And this: "I was happy she was dead … ''
Ryan was charged with first-degree murder. His court-appointed lawyer, Assistant Public Defender Dean Livermore, tried to get the confessions thrown out, but Circuit Judge Thane Covert ruled they were legally obtained.
Once Halkitis knew he could play Ryan's own damning words to a jury, he didn't worry much about some other oddities. For instance, on the Friday before the murder, Donna's housekeeper and best friend for 18 years, Catherine Muckler, went to the house to clean. She was surprised to find a large pool of cooking oil on the tile near the entrance from the garage. Donna was running errands. Ryan, who lived a few miles away with a friend but had a key to the house, came out of the computer room.
"I was down there wiping it when he came around the corner,'' Muckler said in a deposition taken by Livermore. "He didn't know I was coming to clean. And I was wiping it. I said, 'Ryan, what's this oil all over the floor?' He says, 'I don't know. I didn't notice it.' And I remember saying, 'How can you not notice it? It's dripping off my fingers here. It's all over.' So he says, 'I don't know.' "

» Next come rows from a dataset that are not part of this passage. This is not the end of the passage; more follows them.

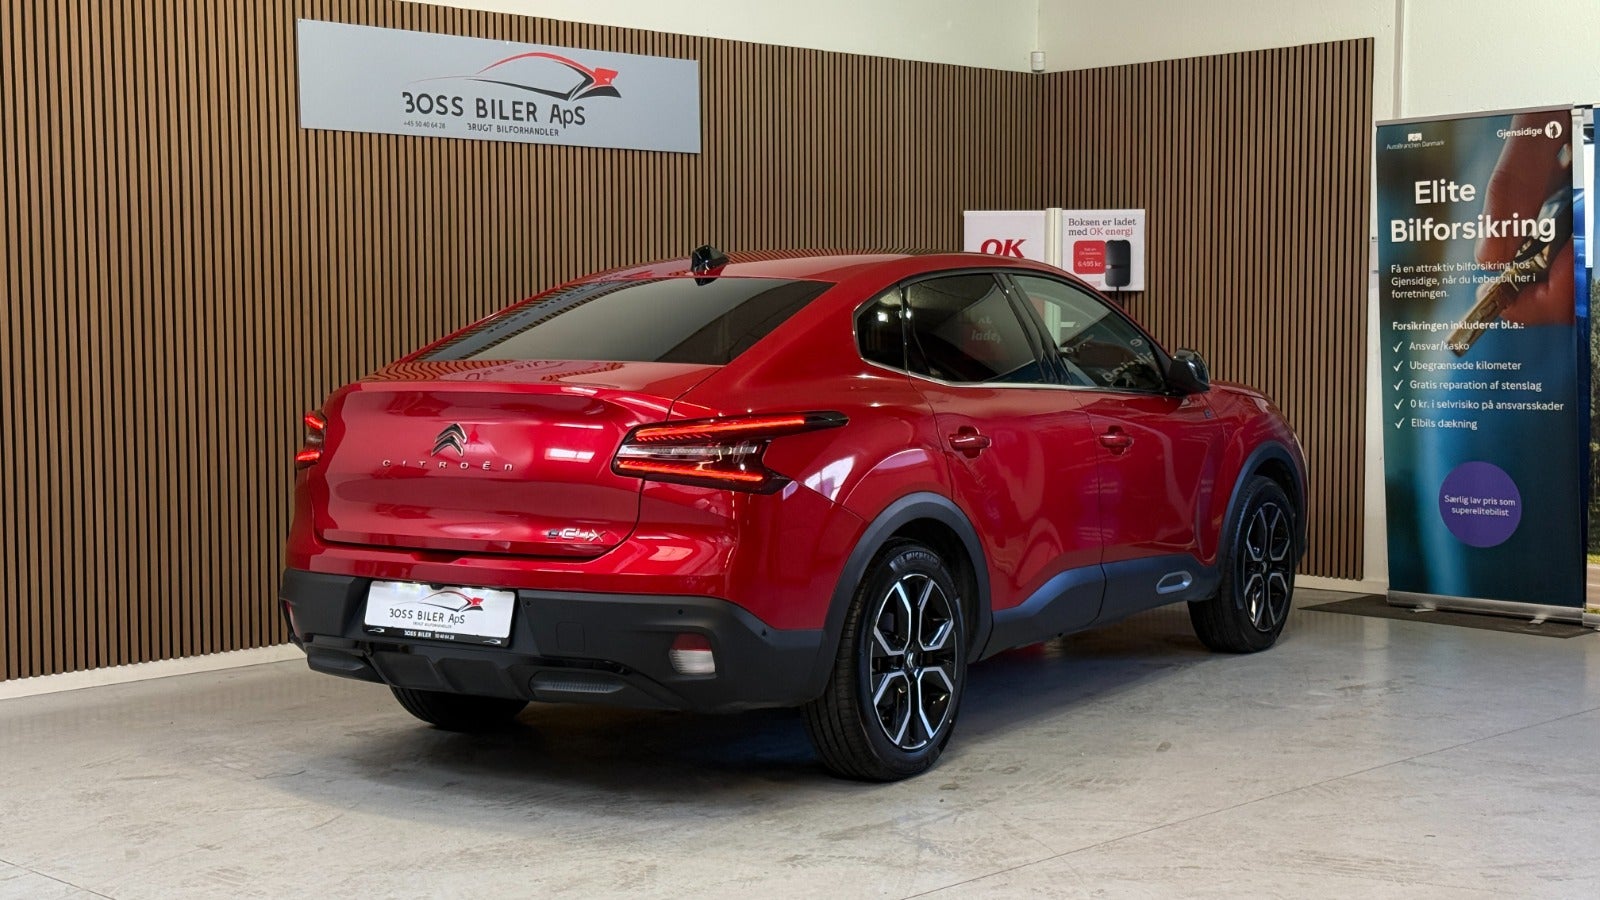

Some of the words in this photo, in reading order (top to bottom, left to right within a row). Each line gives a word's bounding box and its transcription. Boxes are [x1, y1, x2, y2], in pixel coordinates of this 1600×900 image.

[476, 98, 538, 122] BILER
[550, 104, 586, 129] ApS
[496, 125, 559, 136] BILFORHANDLER
[1496, 128, 1542, 139] Gjensidige
[1414, 178, 1476, 204] Elite
[1068, 218, 1100, 226] Boksen
[1114, 218, 1136, 226] ladet
[1090, 227, 1104, 235] OK
[1105, 227, 1133, 237] energi
[1391, 213, 1556, 243] Bilforsikring
[1391, 264, 1401, 273] Få
[1416, 264, 1454, 272] attraktiv
[1456, 262, 1510, 272] bilforsikring
[1513, 261, 1530, 270] hos
[1391, 277, 1440, 287] Gjensidige,
[1442, 275, 1456, 284] når
[1459, 275, 1470, 284] du
[1472, 275, 1500, 284] køber
[1500, 274, 1512, 283] bil
[1515, 274, 1530, 283] her
[1392, 289, 1449, 299] forretningen.
[1392, 321, 1448, 332] Forsikringen
[1450, 320, 1499, 330] inkluderer
[1501, 320, 1524, 329] bl.a.:
[1409, 341, 1470, 351] Ansvar/kasko
[1409, 361, 1474, 371] Ubegrænsede
[1476, 361, 1522, 370] kilometer
[1410, 380, 1437, 390] Gratis
[1439, 381, 1487, 391] reparation
[1489, 380, 1499, 390] af
[1501, 381, 1542, 392] stenslag
[1410, 400, 1416, 408] 0
[1418, 400, 1430, 408] kr.
[1436, 401, 1480, 409] selvrisiko
[1482, 400, 1494, 411] på
[1496, 402, 1564, 411] ansvarsskader
[1411, 419, 1435, 428] Elbils
[1438, 420, 1477, 430] dækning
[1444, 494, 1469, 505] Særlig
[1483, 497, 1498, 506] pris
[1452, 507, 1509, 517] superelitebilist
[417, 610, 444, 622] BILER
[448, 613, 465, 625] ApS

Crouse, the younger sister, has no doubt how the oil got there.
"Ryan put it there,'' she said. "Donna would have come into the house with her walker, slipped on the oil and fallen backward into the garage. She would have cracked her head open on the concrete floor.''
Crouse said the incident illustrates Ryan's "evil premeditation.''
Donna was disappointed in Ryan, Crouse said. It bothered her that he had spent much of 2006 in bankruptcy. He worked as a clerk at a 7-Eleven and never seemed to have money unless his mother gave it to him. But Donna was heartsick about the divorce and his homosexuality.
"He told her he decided he had been gay since he was 14 but maybe he thought it would go away,'' Crouse said.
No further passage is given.